Lo que nos dejó el Foro Económico en Davos
Esta semana se llevó a cabo el Foro Económico en Davos Suiza; allí, los líderes de los países asistentes dieron a conocer sus posiciones frente a temas de interés mundial como: la guerra en Ucrania, el reciente conflicto en Medio Oriente entre Israel y Palestina, el cambio climático y la incertidumbre que genera el acelerado desarrollo de la inteligencia artificial - IA -.
Hubo un discurso en especial que se robó el show en el foro, el del presidente Javier Milei de Argentina. Aunque tengo mis serios reparos con el presidente Milei por su exagerado populismo de derecha, él se ha convertido en la antítesis del socialismo que han establecido como modelo varios países en Latinoamérica, entre esos el nuestro, y en su intervención en Davos, además de unas cuantas barbaridades, si dijo algo que creo es importante rescatar.

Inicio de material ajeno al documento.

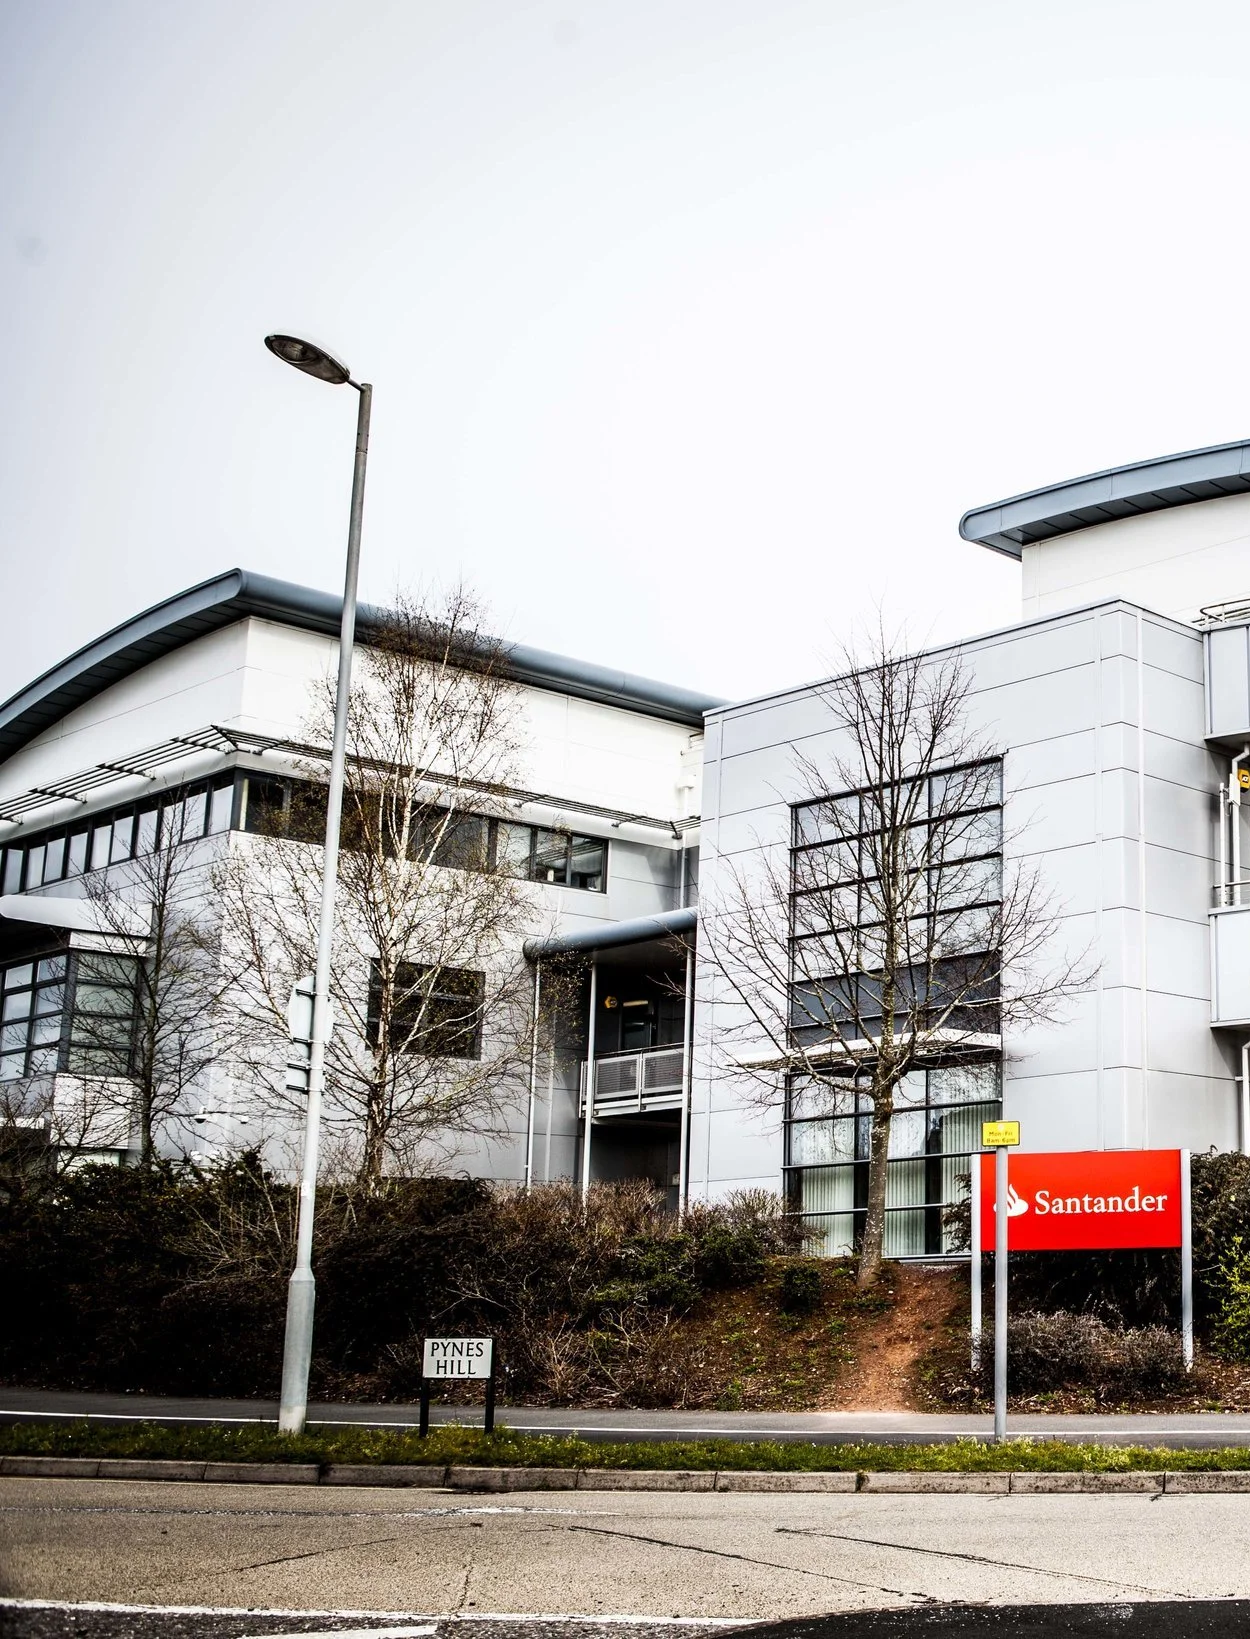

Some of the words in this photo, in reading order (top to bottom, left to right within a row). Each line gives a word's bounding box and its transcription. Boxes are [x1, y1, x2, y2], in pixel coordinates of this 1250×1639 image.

[1034, 1186, 1168, 1215] Santander
[430, 1342, 484, 1357] PYNES
[436, 1360, 476, 1375] HILL

En primer lugar, Milei nos devolvió cientos de años atrás al poner nuevamente sobre la mesa la tesis de la doctrina económica clásica, en la que impera el capitalismo salvaje y que, según él, es el camino para regresarle la libertad a los pueblos en el que poco o nada interviene el Estado; si bien es cierto, este modelo económico fue el adecuado en algún momento de nuestra historia, su ejecución sin la debida regulación trajo consigo unas desigualdades enormes.

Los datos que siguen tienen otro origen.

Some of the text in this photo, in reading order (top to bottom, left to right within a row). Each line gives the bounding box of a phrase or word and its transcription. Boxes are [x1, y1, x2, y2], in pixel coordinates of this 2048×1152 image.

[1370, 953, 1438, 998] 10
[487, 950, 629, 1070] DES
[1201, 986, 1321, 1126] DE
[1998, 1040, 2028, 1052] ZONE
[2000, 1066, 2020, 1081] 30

Por otro lado, el presidente Milei afirmó algo en lo que, si estoy completamente de acuerdo, y es que el socialismo como lo han manejado en Venezuela, en Argentina, lo hacen en México y lo pretenden hacer en Colombia, lleva a la pobreza y al estancamiento por cuenta de una clase política que quiere perpetuarse en el poder para mantener sus privilegios y que quiere pasar por encima de las instituciones, la propiedad privada y el libre mercado.

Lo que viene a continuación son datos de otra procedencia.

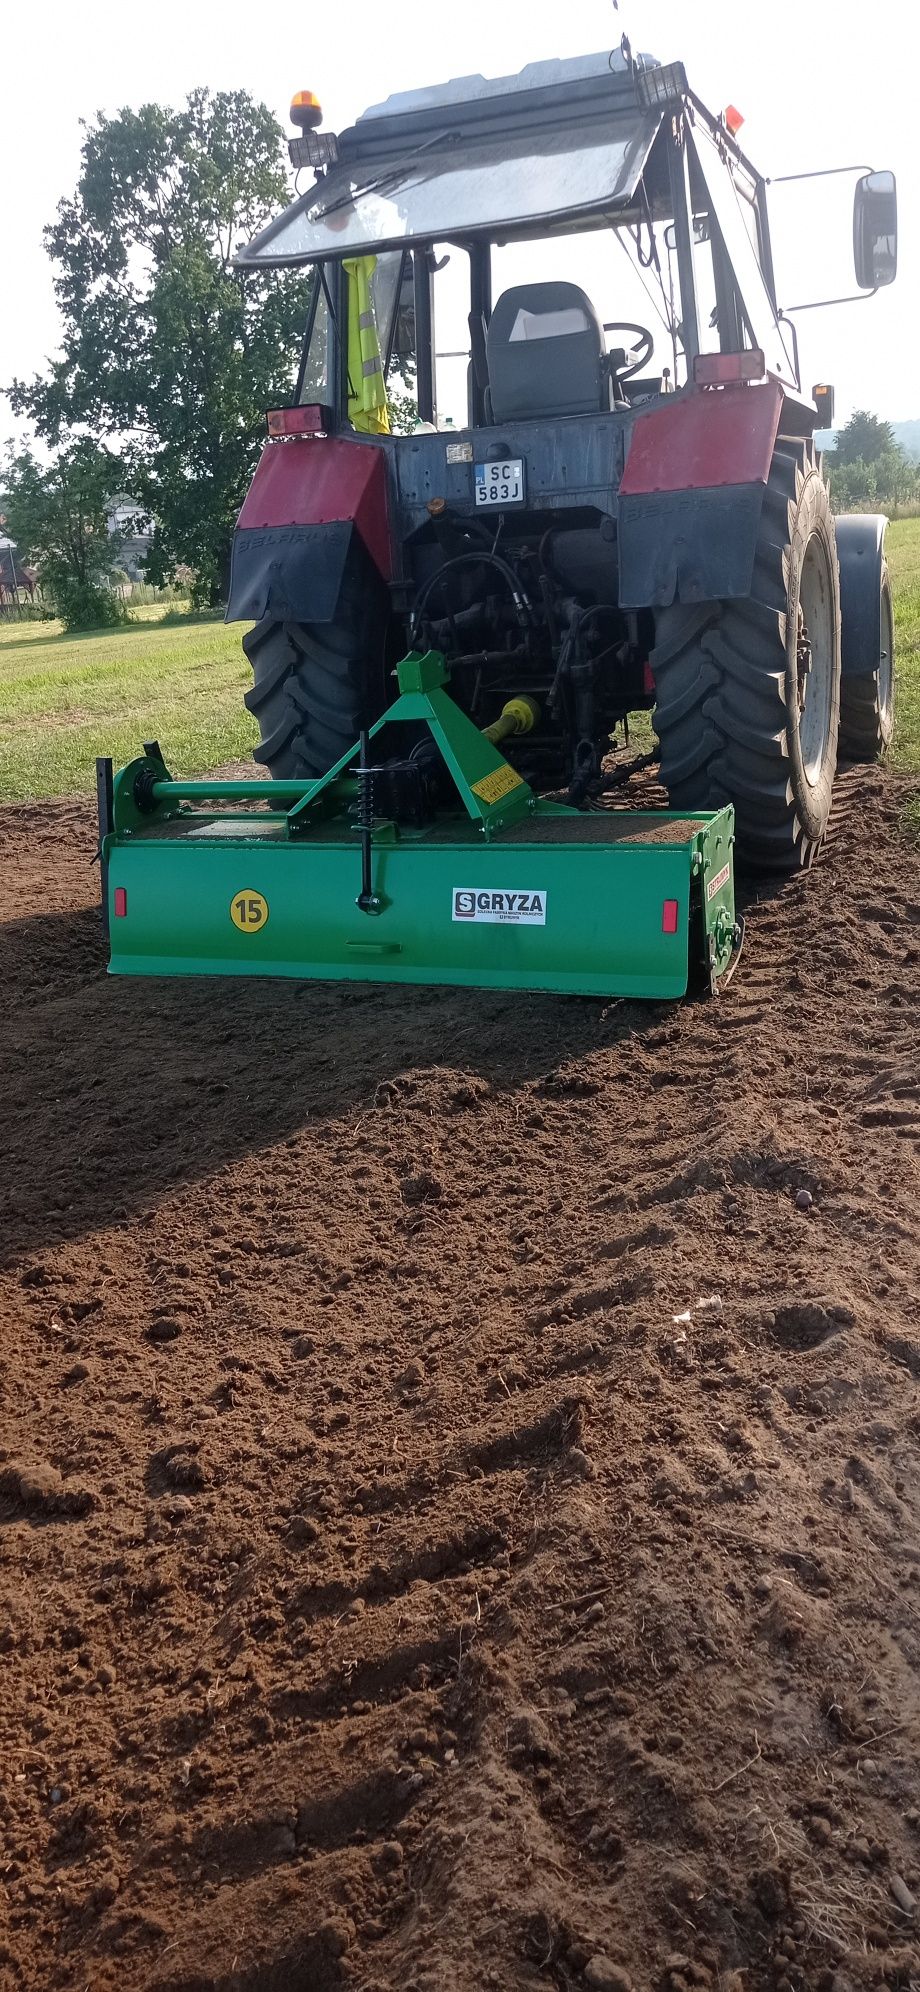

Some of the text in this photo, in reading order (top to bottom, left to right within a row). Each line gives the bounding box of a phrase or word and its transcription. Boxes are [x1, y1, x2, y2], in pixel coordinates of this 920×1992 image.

[491, 465, 511, 481] SC
[479, 483, 519, 502] 583J
[235, 899, 262, 923] 15
[477, 892, 543, 912] GRYZA

Aquí, por ejemplo, el presidente Petro quiere estatizar la salud, los hidrocarburos, hacer crecer el aparato estatal con burocracia y gastos suntuosos que salen de los impuestos de todos nosotros, situación que a futuro será insostenible y que económicamente nos costará mucho recuperarnos. En eso si dio cátedra Milei, que contrario a lo que prometió la izquierda colombiana y no cumplió, si redujo costos eliminando ministerios, vuelos privados y gastos innecesarios siendo coherente con el principio de austeridad.
Viendo estas dos caras de la moneda me convenzo cada vez más que las ideologías radicales y extremistas no conducen a nada bueno, que en el fondo resultan siendo iguales y que es necesario para un país como el nuestro, que se deje de lado el activismo político y se gobierne con sensatez, autoridad y con prospectiva hacia el futuro.